■ The task
The task calls for each record to be given again unchanged, minus any pictures.

■ The data
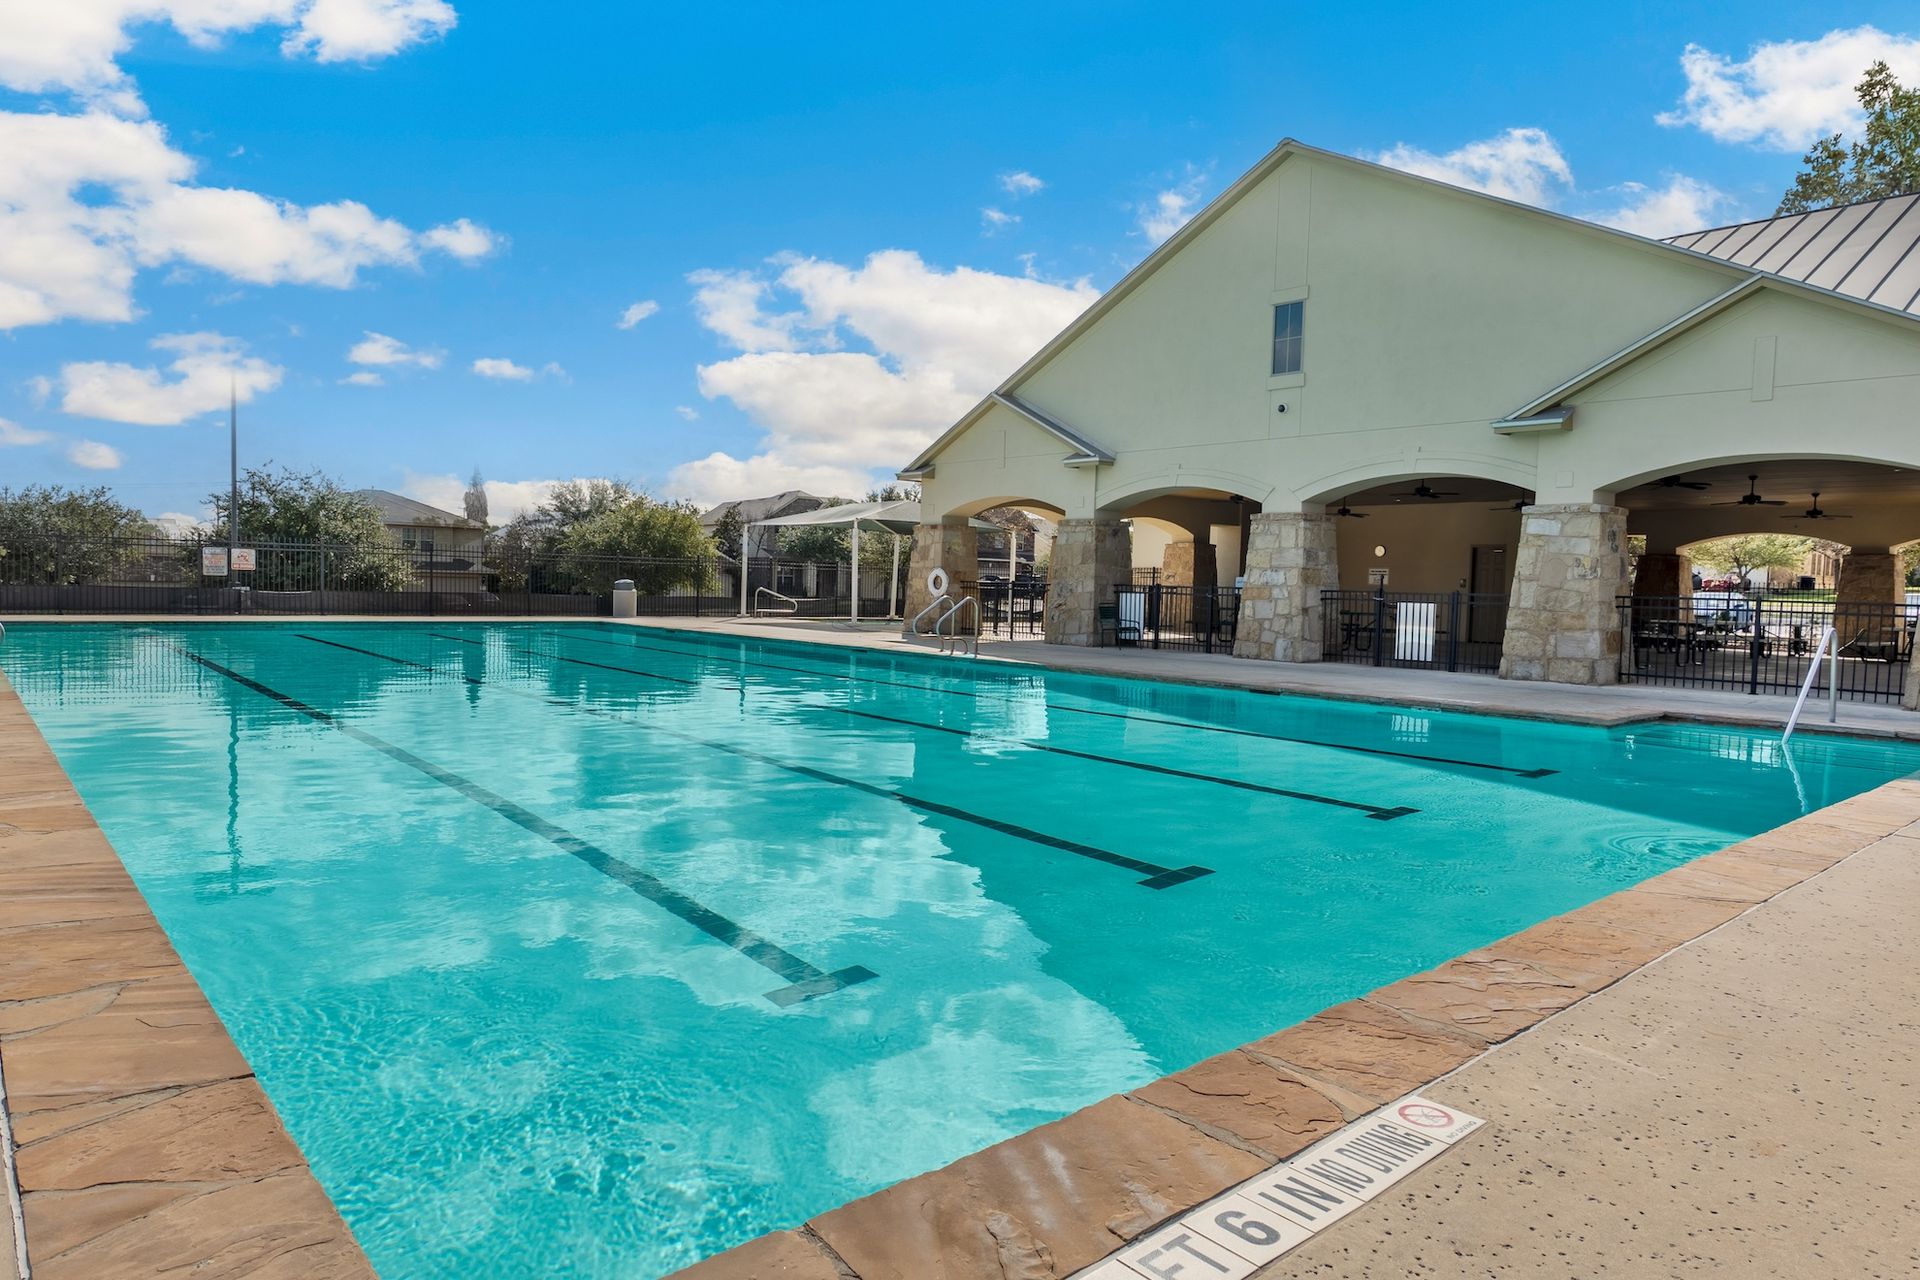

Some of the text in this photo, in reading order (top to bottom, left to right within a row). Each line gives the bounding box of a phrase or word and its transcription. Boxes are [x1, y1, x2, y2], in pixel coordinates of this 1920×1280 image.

[1304, 1123, 1433, 1193] NO DIVING
[1135, 1176, 1345, 1280] FT 6 IN
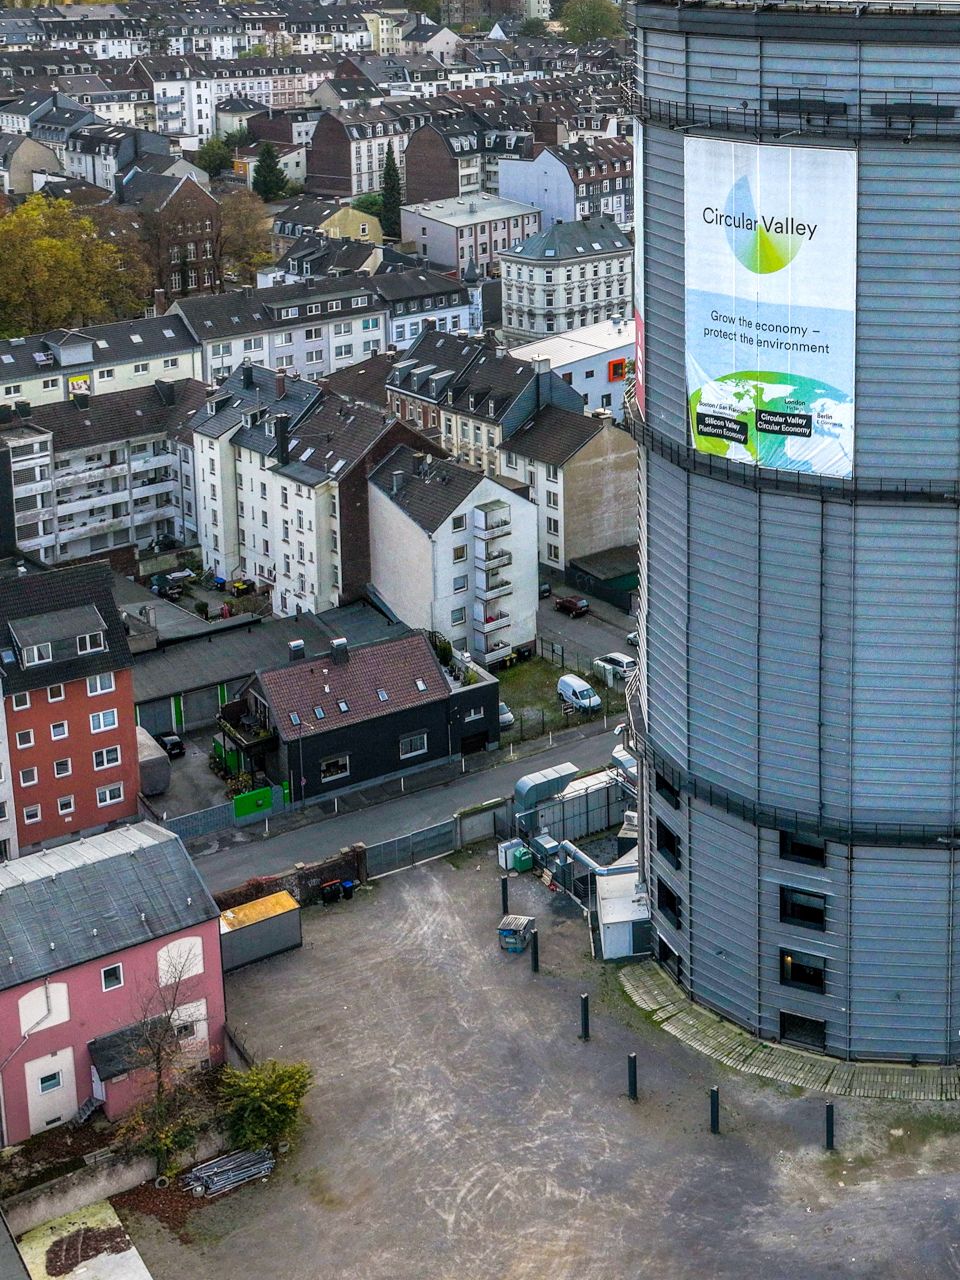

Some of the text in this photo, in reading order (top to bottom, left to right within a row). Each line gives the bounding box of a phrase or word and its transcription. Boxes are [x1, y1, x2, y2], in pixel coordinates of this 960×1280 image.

[702, 206, 818, 241] Circular Valley
[710, 309, 736, 325] Grow
[738, 315, 753, 329] the
[755, 322, 808, 338] economy
[703, 326, 830, 354] protect the environment
[784, 398, 806, 406] London
[704, 416, 741, 432] Silicon Valley
[760, 412, 807, 426] Circular Valley
[816, 412, 833, 420] Berlin
[698, 424, 746, 442] Platform Economy
[757, 421, 811, 436] Circular Economy
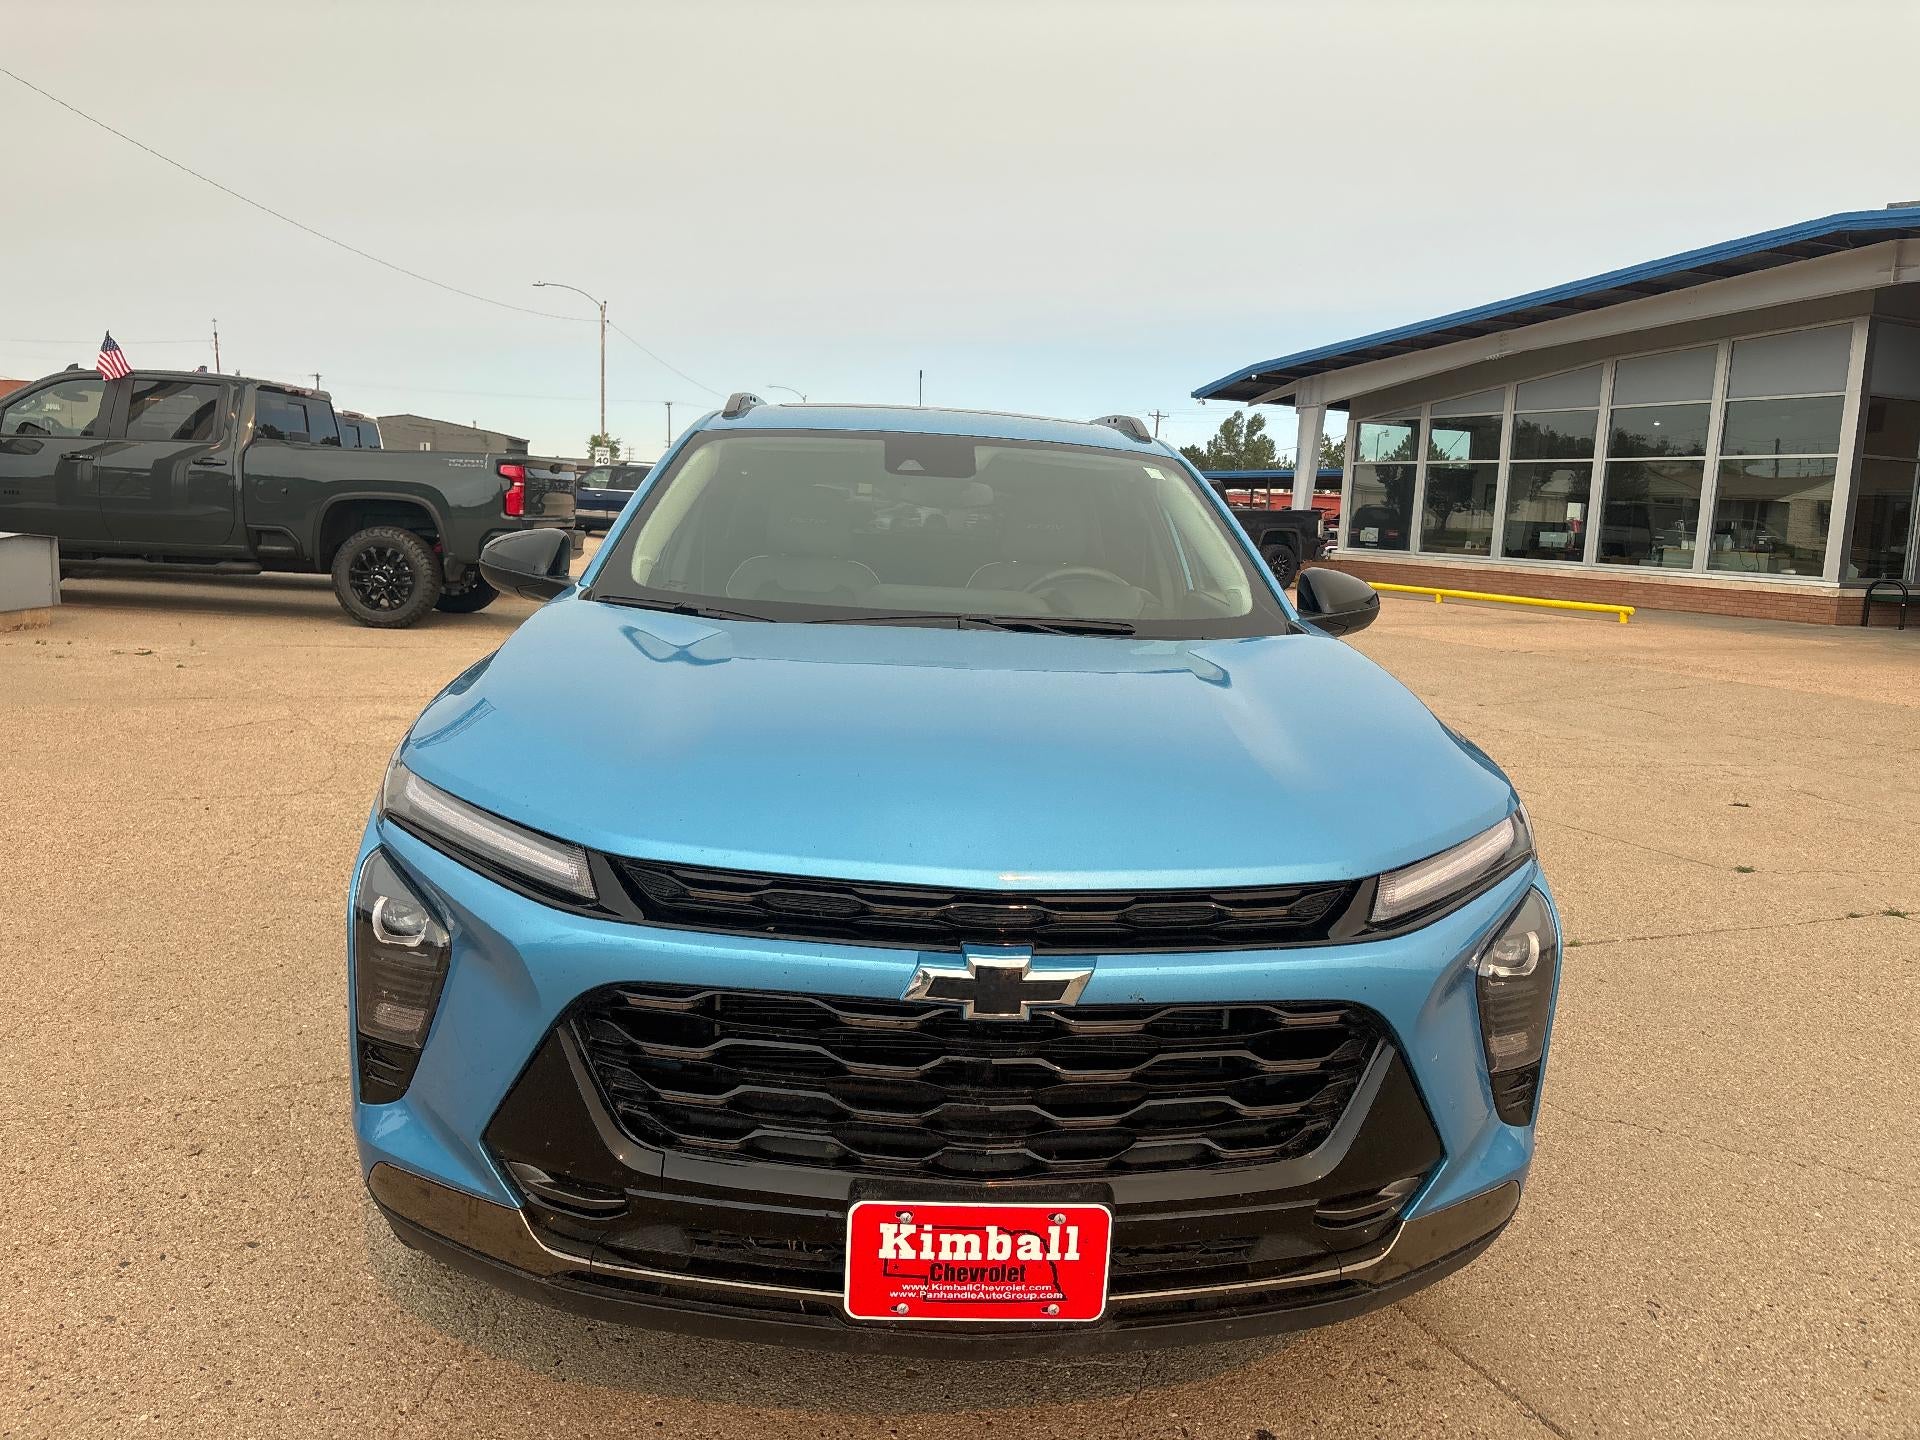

■ Task response
Some of the text in this photo, in reading order (top to bottom, left to right within a row). Each line gives the bounding box of a phrase or word and its transcription. Boxes are [x1, y1, x2, y2], in pixel coordinates of this 1920×1280 image.

[1304, 1123, 1433, 1193] NO DIVING
[1135, 1176, 1345, 1280] FT 6 IN

Some of the text in this photo, in reading order (top to bottom, left to right within a row). Each line gives the bounding box of a phrase or word and its transcription. Boxes are [x1, y1, x2, y2], in pixel coordinates of this 960×1280 image.

[702, 206, 818, 241] Circular Valley
[710, 309, 736, 325] Grow
[738, 315, 753, 329] the
[755, 322, 808, 338] economy
[703, 326, 830, 354] protect the environment
[784, 398, 806, 406] London
[704, 416, 741, 432] Silicon Valley
[760, 412, 807, 426] Circular Valley
[816, 412, 833, 420] Berlin
[698, 424, 746, 442] Platform Economy
[757, 421, 811, 436] Circular Economy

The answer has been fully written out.